© Yeni Arayış

Avrupa'da "yeni öteki" müslüman göçmenler üzerinden kimlik tartışmaları 

Göç karşıtı gösterilerde en aktif rolü, tabii ki yabancı düşmanlığını siyasi sermayeye dönüştürmeye çalışan ve bu alanı hunharca, arsızca yağlamayan aşırı sağcı partiler üstleniyor.

Avrupalı faşistlerin, uzun yıllardır devam eden, "Yahudilerin yerine acaba kimi ikâme etsek" arayışının artık sona erdiği anlaşılıyor. Yeni "öteki", yeni "düşman" müslüman göçmenler. Müslüman göçmenler kıtada yaşanan her türlü olumsuzluğun birincil nedeni olarak gösteriliyor. Neofaşist partiler için oldukça konforlu bir durum bu.

Avrupa Birliği ülkelerinde binlerce kişiyi bir araya getiren, "Göçmenleri geri gönderin" konulu gösteriler ya da toplantılar kıtanın siyasetini, toplumsal dokusunu derinden ve yeniden şekillendiriyor. Farklı kentlerde, farklı iklimlerde aynı slogan yankılanıyor: "Göçmenleri geri gönderin..."Yoğunlaşma ve büyüme potansiyeli yüksek olan bu türden toplumsal hareketleri, salt göç politikalarıyla değil Avrupa demokrasisinin geleceğiyle de doğrudan bağlantılı değerlendirmek gerekiyor.
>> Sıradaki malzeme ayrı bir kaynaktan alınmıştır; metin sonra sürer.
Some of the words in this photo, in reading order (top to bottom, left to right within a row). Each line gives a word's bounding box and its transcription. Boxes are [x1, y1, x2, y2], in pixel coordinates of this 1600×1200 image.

Bununla birlikte ekonomik sıkıntılar da göçmenlere yönelik öfkeyi büyütüyor. Yüksek enflasyon, hayat pahalılığı, işsizlik korkusu, halkın kaygılarını ve öfkesini köpürtüyor. Fakat bu öfke çoğu zaman hükümet politikalarına toplumun en kırılgan gruplarından biri olan göçmenlere yöneliyor. Alman Siyaset Bilimci Wolfgang Merkel, bu konuya ilişkin olarak, "Göçmen karşıtlığı, ekonomik krizlerin kolay hedefidir. İnsanlar sorunların kökenini karmaşık ekonomi politikalarında aramak yerine basit ve görünür bir hedef seçiyor: Yabancılar..." yorumunu yapıyor.
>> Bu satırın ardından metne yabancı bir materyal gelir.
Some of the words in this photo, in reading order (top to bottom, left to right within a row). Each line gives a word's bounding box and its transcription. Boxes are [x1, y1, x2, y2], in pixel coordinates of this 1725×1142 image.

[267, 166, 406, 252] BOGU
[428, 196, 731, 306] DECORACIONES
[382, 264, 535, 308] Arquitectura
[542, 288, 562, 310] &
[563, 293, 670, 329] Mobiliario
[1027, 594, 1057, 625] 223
Göç karşıtı gösterilerde en aktif rolü, tabii ki yabancı düşmanlığını siyasi sermayeye dönüştürmeye çalışan ve bu alanı hunharca, arsızca yağlamayan aşırı sağcı partiler üstleniyor. Almanya'da neonazi partisi AfD, Fransa'da Marine Le Pen'in RN'i, Hollanda'da Geert Wilders'ın PVV'si bu sürecin başlıca aktörleri arasında yer alıyor. Bu partilerin günlük sosyal medya paylaşımlarının üçte ikisi müslüman göçmenlerle ilgili oluyor. Bu konuda, Wall Street Journal'da yer alan bir analiz yazısında şu dikkat çekici ifade kullanıldı: "Popülist ve aşırı sağ partiler; yüksek göç, enflasyon ve durgun ekonomik büyümenin yarattığı öfke dalgası sayesinde Avrupa'nın en büyük ekonomilerinde aynı anda ilk kez öne çıkıyor." Bu öne çıkışın hayırlara vesile olmayacağını, ABD'nin neofaşist Başkanı Donald Trump'ın uygulamalarından görüyoruz. Sokak ortasında, esas olarak kontrgerilla grubu olan ICE tarafından kaçırılan göçmenler, hiçbir sebep gösterilmeden vizeleri iptal edilen yabancı öğrenciler, bilim insanları vs... Avrupa'da da neofaşistlerin gücü ele geçirdikleri ülkelerde bu sahnelerin benzerlerinin yaşanacağından kimsenin şüphesi olmasın. Tüm gelişmeler, göç karşıtlarının gösterilerinin, sadece sokak hareketi değil aynı zamanda siyasal bir dalga olduğuna işaret ediyor.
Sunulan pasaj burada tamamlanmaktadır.